#### RNN Language Model

Given a sequence of word embedding vectors $w_1, .., w_N$, we pass the sequence through a `uni-directional RNN` to obtain a sequence of hidden states $h_1,..,h_N$. Then note that each hidden state $h_i$ can be regarded as a contextual repsentation of the words $w_1, .., w_i$. So using this hidden state, we can compute a probability distribution for the next word that follows all the preceding words:

$P(w_{i+1} | w_1,...,w_i) = f(h_i)$

where $f$ is a function that transforms $h_i$ into the probability distribution. $f$ can be a feedforward network, in the simplest case a linear projection followed by a softmax. Also note that we use a uni-directional RNN (and not bi-directional) because for a language model, we want to predict the next word using only the previous words as context.
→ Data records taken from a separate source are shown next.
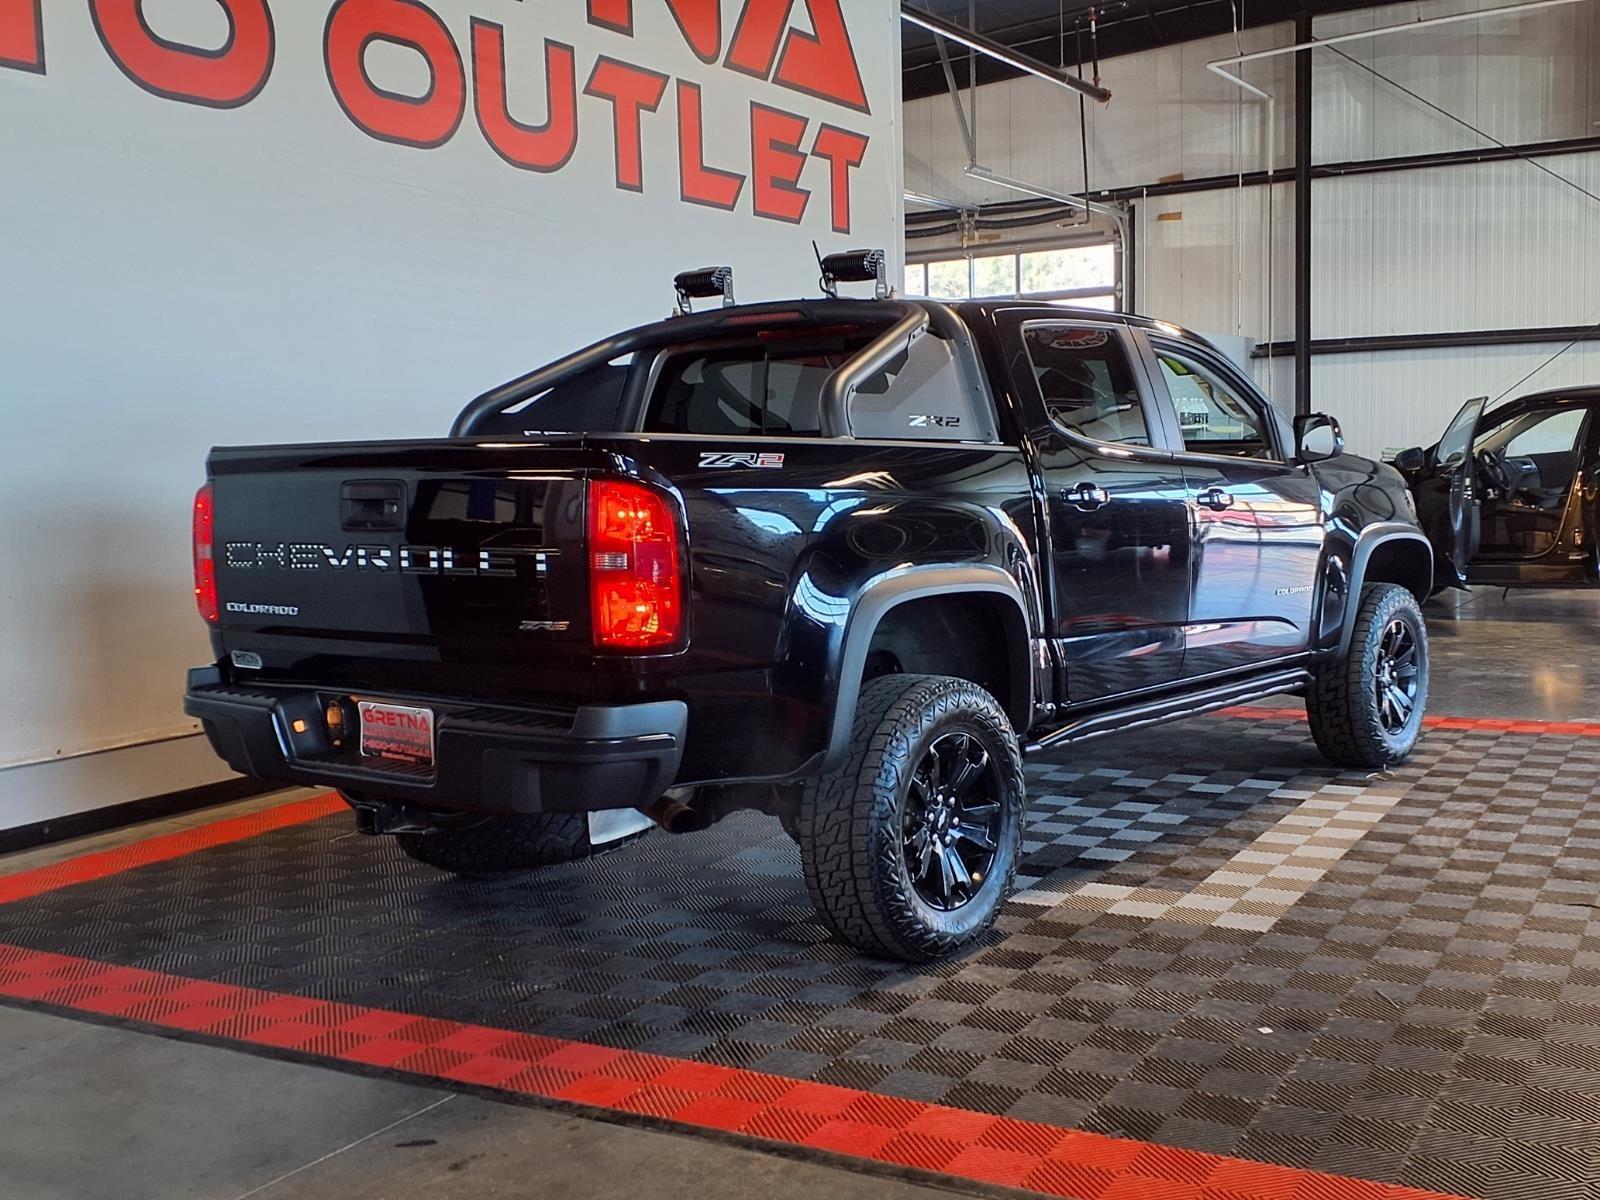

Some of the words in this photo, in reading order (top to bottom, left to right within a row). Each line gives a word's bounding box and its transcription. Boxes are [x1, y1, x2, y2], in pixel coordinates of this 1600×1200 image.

[323, 0, 871, 235] OUTLET
[908, 414, 961, 428] ZR2
[698, 452, 785, 469] ZR2
[226, 542, 561, 579] CHEVROLET
[1277, 585, 1314, 596] COLORADO
[226, 602, 299, 616] COLORADO
[363, 708, 431, 734] GRETNA
Optional: The performance of an RNN model can be further improved if we choose the embedding dimensions and the RNN hidden state dimensions to be the same. This allows us to then re-use the embedding matrix to perform the linear projection of the hidden states into the output logits instead of using a separate projection matrix and therefore saves a lot of extra parameters and potentially reduces overfitting. This technique is also called `weight tying`. 
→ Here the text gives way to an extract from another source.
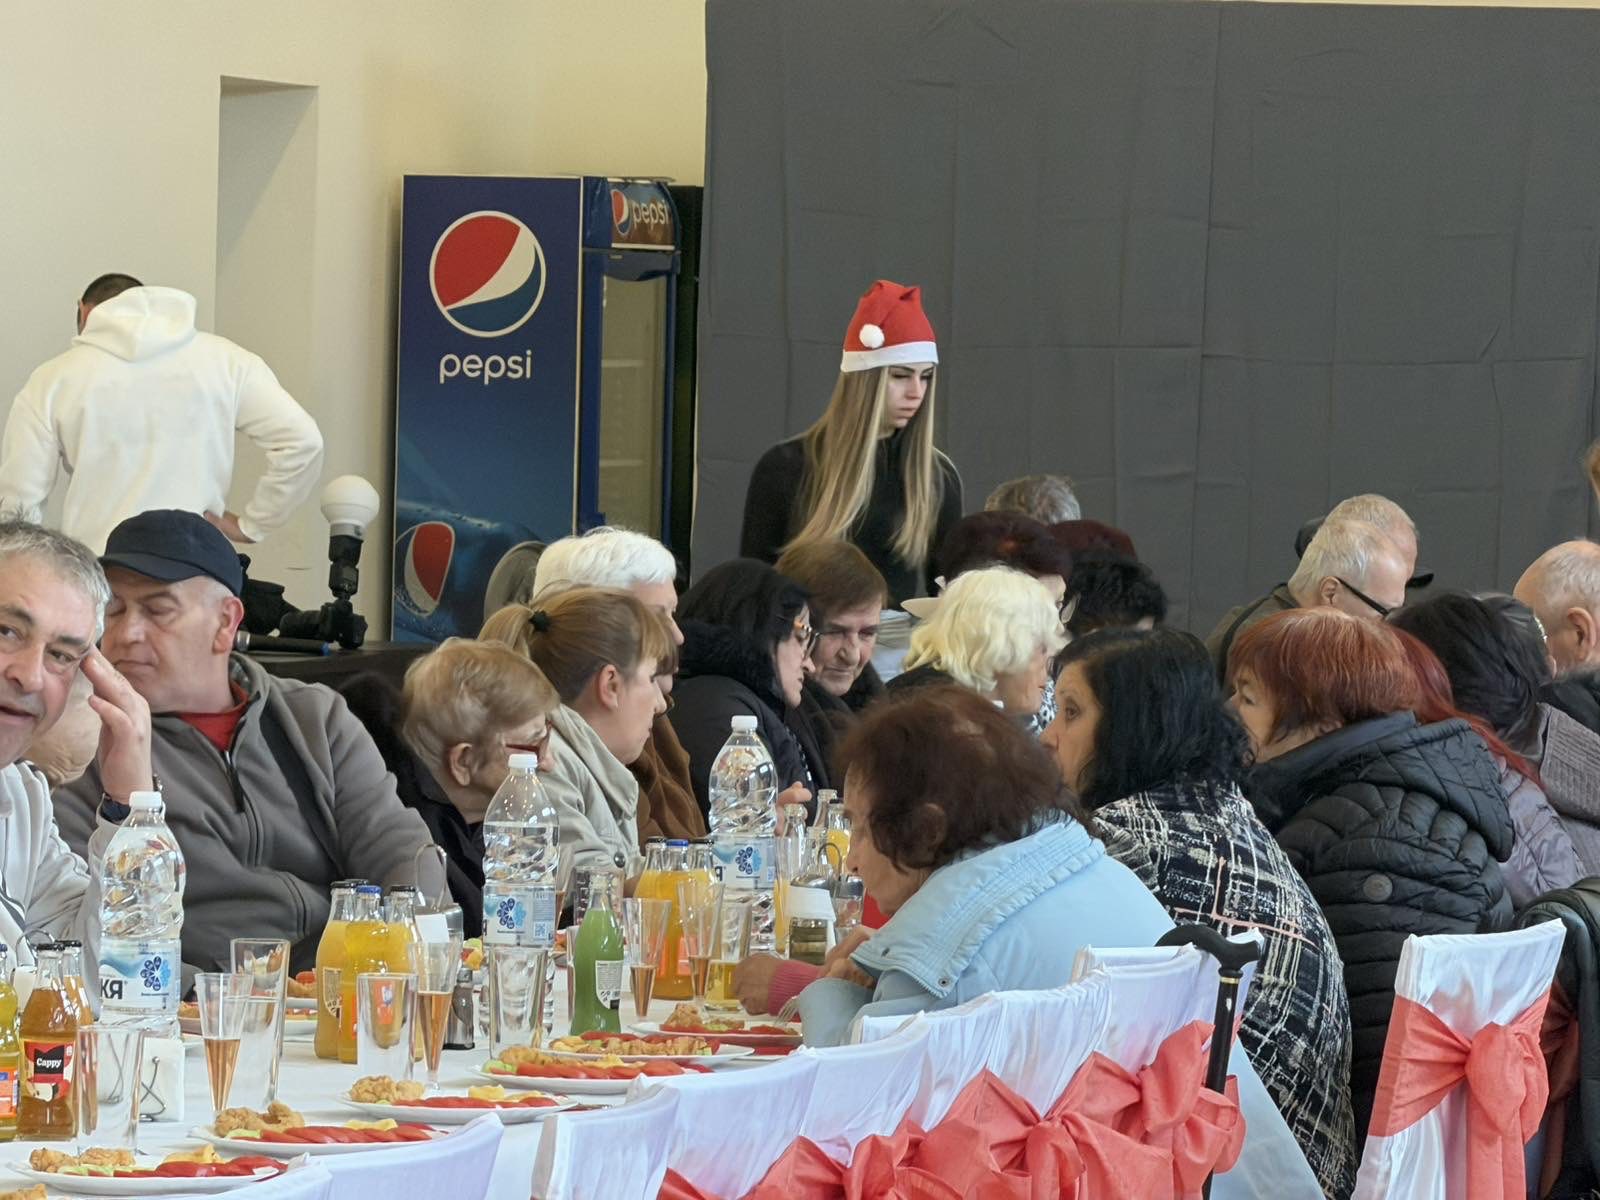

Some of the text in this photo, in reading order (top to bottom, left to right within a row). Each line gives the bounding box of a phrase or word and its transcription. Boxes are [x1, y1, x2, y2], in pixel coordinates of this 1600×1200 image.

[632, 198, 669, 231] pepsi
[439, 349, 532, 385] pepsi
[36, 1057, 62, 1068] Cappy
Previously we looked at simple n-gram language models which are only feasilble for small $n$, i.e. shorter context size. With an RNN, we have access to much larger contexts and therefore we can get better performance (e.g. lower perplexity compared to n-gram LMs).

We will train a word-level RNN LM on the collected works of Shakespeare.

In [56]:
import random
from nltk.tokenize import word_tokenize
import torch
import torch.nn.functional as F
from torch.utils.data import Dataset, DataLoader
from torch.nn.utils.rnn import pad_sequence
from tqdm import tqdm
import psutil

In [57]:
# prep the training data
with open('shakespeare.txt', 'r') as file:
    lines = file.readlines()

In [63]:
# word_tokenize the sentences (split on whitespaces) and add start and end sentence tokens, keep punctuations as individual tokens
start_token = '<s>'        
end_token = '</s>'        
sentences_tokenized = [[start_token]+word_tokenize(s.lower())+[end_token] for s in lines]
print(f"Num sentences: {len(sentences_tokenized)}")    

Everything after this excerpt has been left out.